Please transcribe the data that follows without the pictures, keeping every word the same.

> _Records shown_
--- START ---
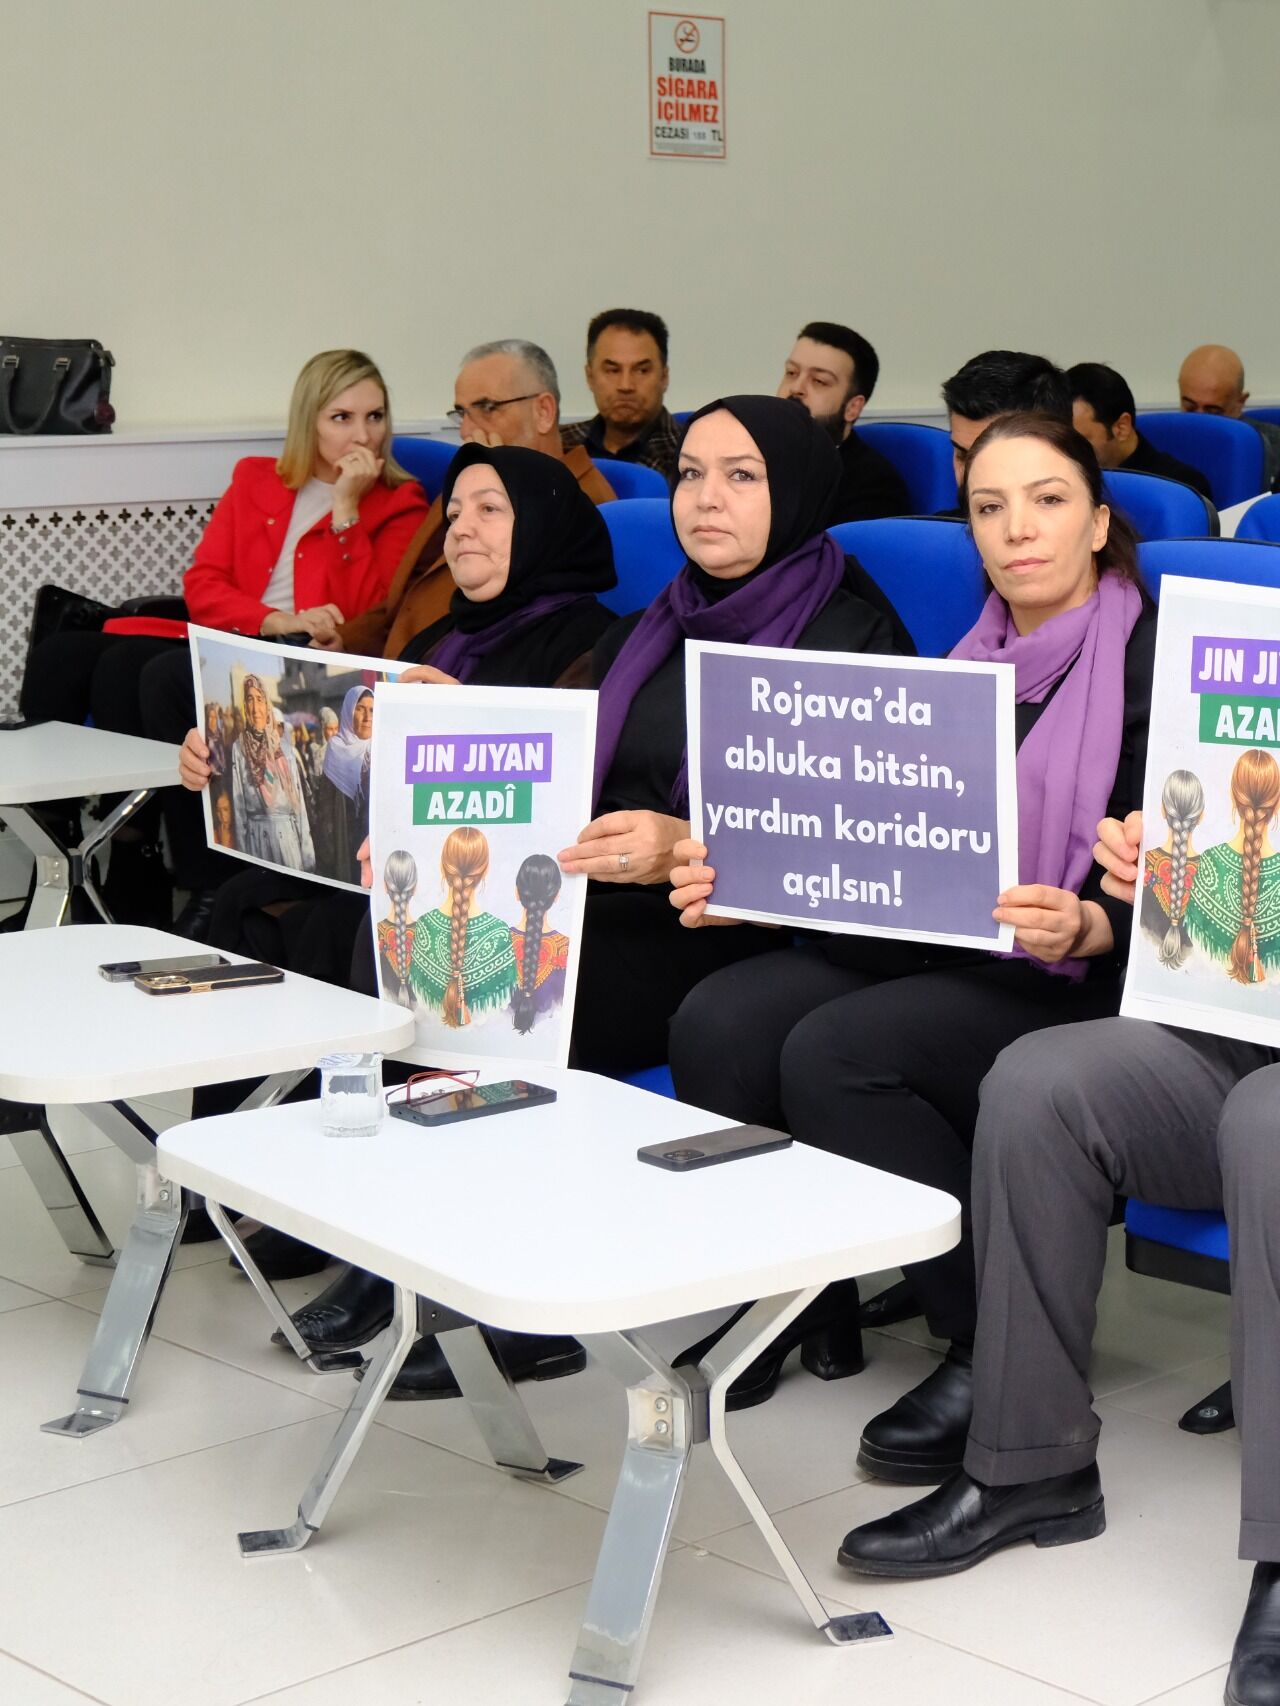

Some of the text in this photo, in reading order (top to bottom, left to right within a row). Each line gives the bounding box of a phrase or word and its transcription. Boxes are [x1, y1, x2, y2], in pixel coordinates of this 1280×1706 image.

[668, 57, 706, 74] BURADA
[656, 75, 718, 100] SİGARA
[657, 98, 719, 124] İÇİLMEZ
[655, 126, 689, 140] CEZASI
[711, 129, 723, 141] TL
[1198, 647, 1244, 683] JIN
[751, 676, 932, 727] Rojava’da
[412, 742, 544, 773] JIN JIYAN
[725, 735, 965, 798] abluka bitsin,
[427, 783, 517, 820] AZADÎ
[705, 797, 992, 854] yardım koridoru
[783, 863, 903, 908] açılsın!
--- END ---
> _Task response_
Some of the text in this photo, in reading order (top to bottom, left to right within a row). Each line gives the bounding box of a phrase or word and its transcription. Boxes are [x1, y1, x2, y2], in pixel coordinates of this 1280×1706 image.

[668, 57, 706, 74] BURADA
[656, 75, 718, 100] SİGARA
[657, 98, 719, 124] İÇİLMEZ
[655, 126, 689, 140] CEZASI
[711, 129, 723, 141] TL
[1198, 647, 1244, 683] JIN
[751, 676, 932, 727] Rojava’da
[412, 742, 544, 773] JIN JIYAN
[725, 735, 965, 798] abluka bitsin,
[427, 783, 517, 820] AZADÎ
[705, 797, 992, 854] yardım koridoru
[783, 863, 903, 908] açılsın!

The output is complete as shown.